Monday, October 8, 2007

Oyster and clam aquaculture… (VA)

Today we the caravan had a big lunch at Don’s Restaurant and listened to a waterman (as they call their oyster and clam diggers) talk about shellfish aquaculture. It takes two years to raise an oyster to marketable size, and they have a short market window because oysters die naturally the next year. Clams present a different set of problems. Like all farming, there can be good years and bad years. There is federal farm insurance, but in bad years (large die-offs) it pays 2.5 cents a clam, which is only enough to cover the cost of the feed.

Clams and oysters are no longer economically harvestable in the wild, he said. He remarked on their ecological importance to Chesapeake Bay, where their volumes were capable of completely filtering the water in about three days; now it would take 20 years. (Probably as much a measure of increasing pollution as the decline in the filtering population.)

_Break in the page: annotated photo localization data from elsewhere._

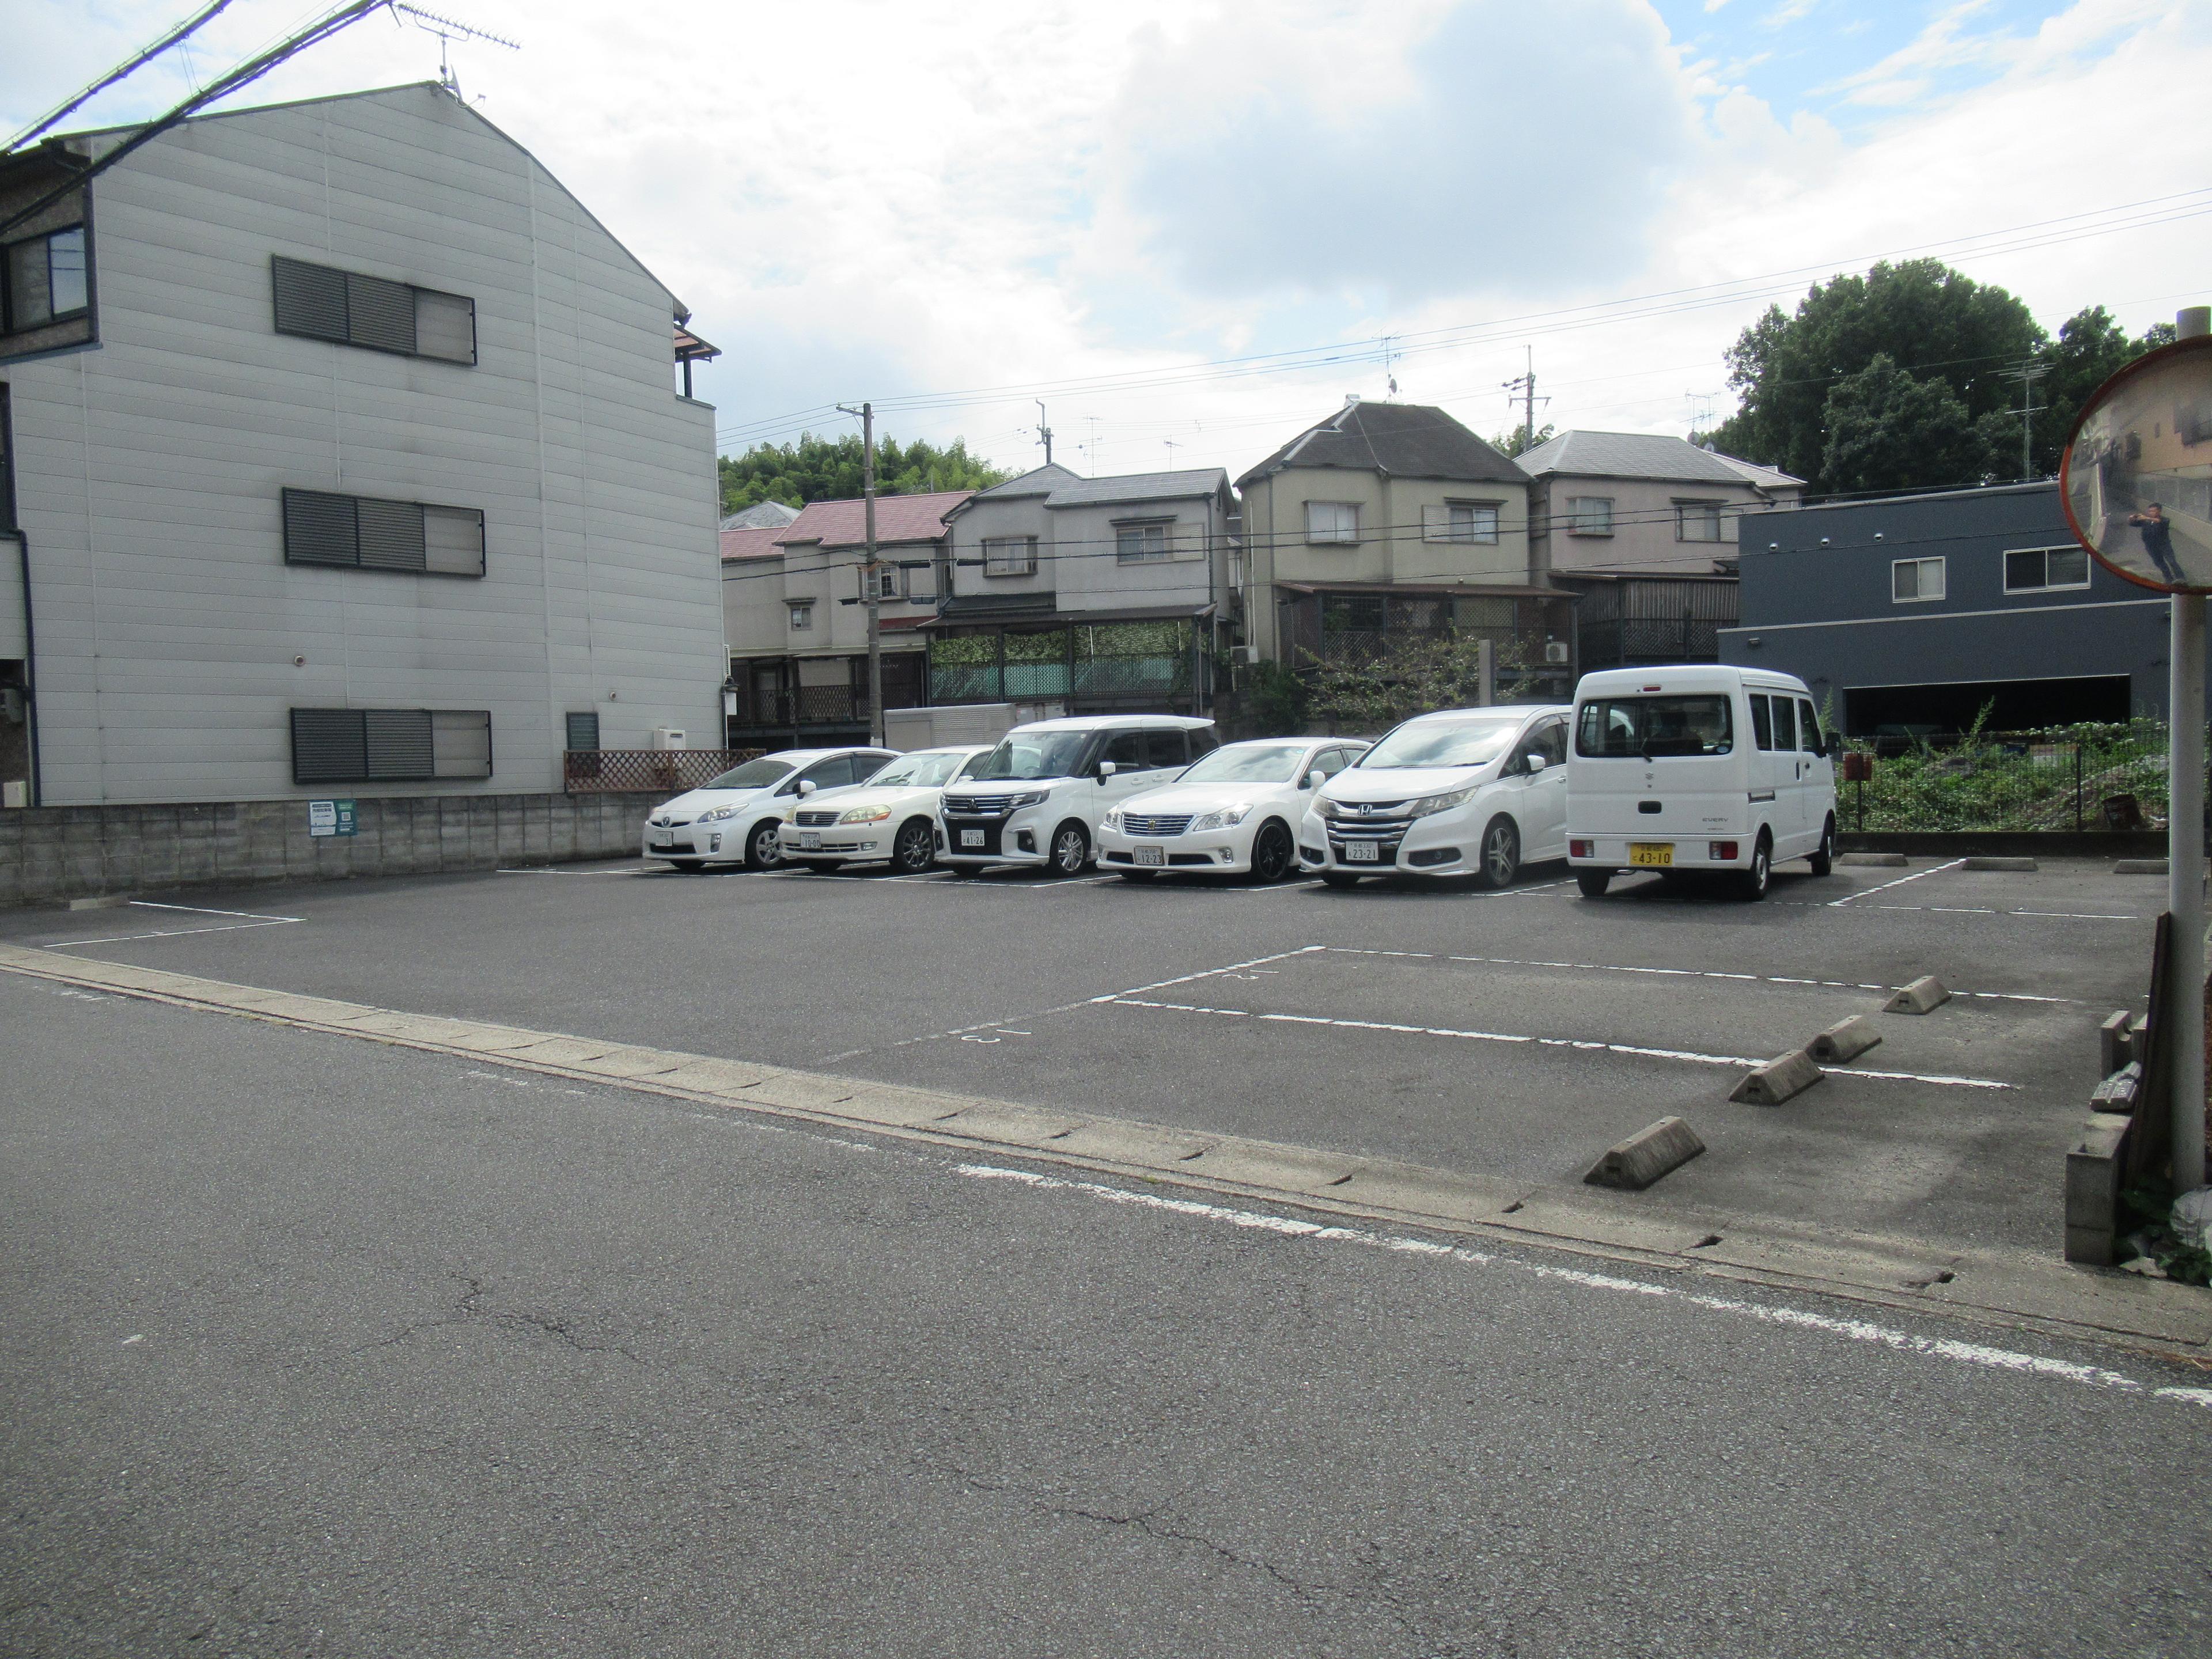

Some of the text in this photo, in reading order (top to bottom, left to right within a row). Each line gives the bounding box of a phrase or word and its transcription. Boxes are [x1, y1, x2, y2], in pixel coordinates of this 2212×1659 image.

[805, 839, 820, 847] 10-00
[967, 836, 983, 844] 41-26
[1142, 854, 1162, 863] 12-23
[1353, 849, 1376, 859] 23-21
[1639, 853, 1670, 863] 43-10
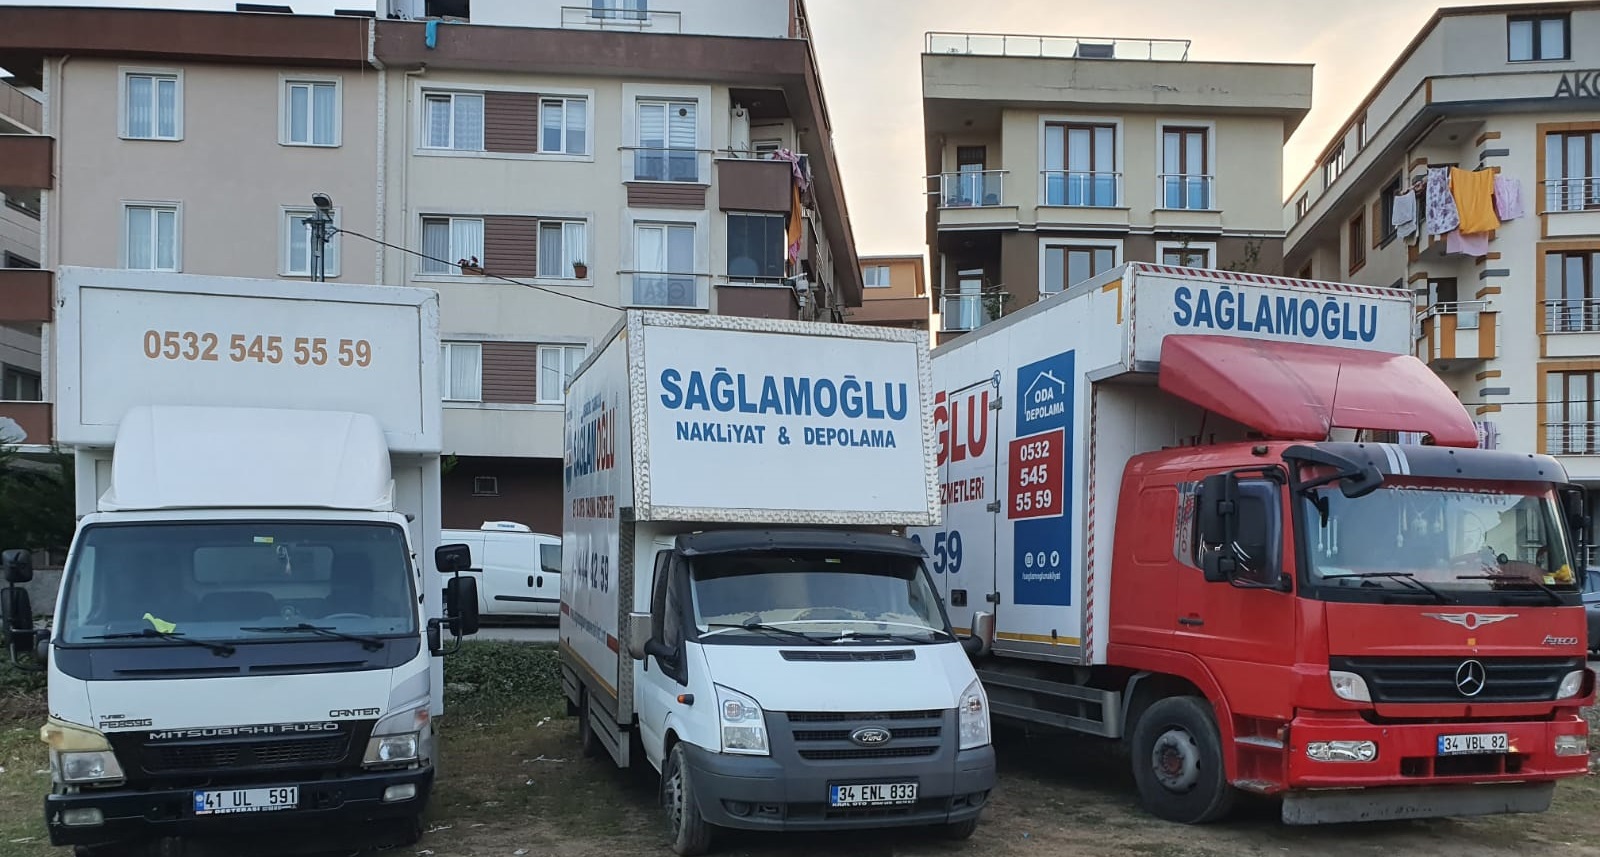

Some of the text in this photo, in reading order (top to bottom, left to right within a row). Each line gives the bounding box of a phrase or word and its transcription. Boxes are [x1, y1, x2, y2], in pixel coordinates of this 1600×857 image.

[1173, 285, 1378, 343] SAĞLAMOĞLU
[143, 330, 371, 367] 0532 545 55 59
[660, 367, 908, 421] SAĞLAMOĞLU
[1034, 387, 1054, 404] ODA
[1026, 401, 1065, 422] DEPOLAMA
[778, 426, 791, 446] &
[804, 427, 897, 449] DEPOLAMA
[1020, 440, 1049, 462] 0532
[1020, 464, 1047, 487] 545
[1016, 489, 1052, 512] 55 59
[933, 530, 963, 575] 59
[600, 554, 609, 595] 59
[329, 707, 381, 718] CANTER
[149, 722, 339, 740] MITSUBISHI FUSO
[863, 731, 882, 741] Ford
[1444, 735, 1505, 750] 34 VBL 82
[205, 788, 296, 808] 41 UL 591
[840, 785, 914, 801] 34 ENL 833

Tonight we attended our third GAM—“get acquainted meeting”. For an idea of the people we travel with, I’ll summarize the backgrounds of these couples. All four have grandkids and some great-grandkids. One is a widower retired Arthur Anderson CPA from Washington that has a home on Mercer Island in Seattle and a trailer at Lacey Washington (an Airstream-exclusive park owned by the local WBCCI unit), presumably the trailer that is on the caravan. His wife died a couple years ago of Alzheimer’s, and they spent her final five years traveling everywhere in the Airstream. Phil has done an incredible number of things, including sailing from Seattle to Hawaii, he flies, leads caravans, teaches, is involved in volunteer tax preparation, etc. Another man described himself as "living in sin" with his companion, a retired or underemployed ceramic engineer; as a woman, she said she has a hard time getting work as an engineer. He had a Navy carrier and airline maintenance career and Airstreamed everywhere until his wife’s death. His companion was long a single mother and had an Airstream. Another man is a retired chiropractor and past Airstream unit president (many of these caravaners seem to be former unit presidents). Our host was an air traffic controller during the Reagan showdown, and later trained new controllers for a couple years.

Tonight I’ve been suckered into a beginner bridge playing class with the guarantee that it will be nonthreatening. I got a break when a call from Andrew nicely interrupted the instruction.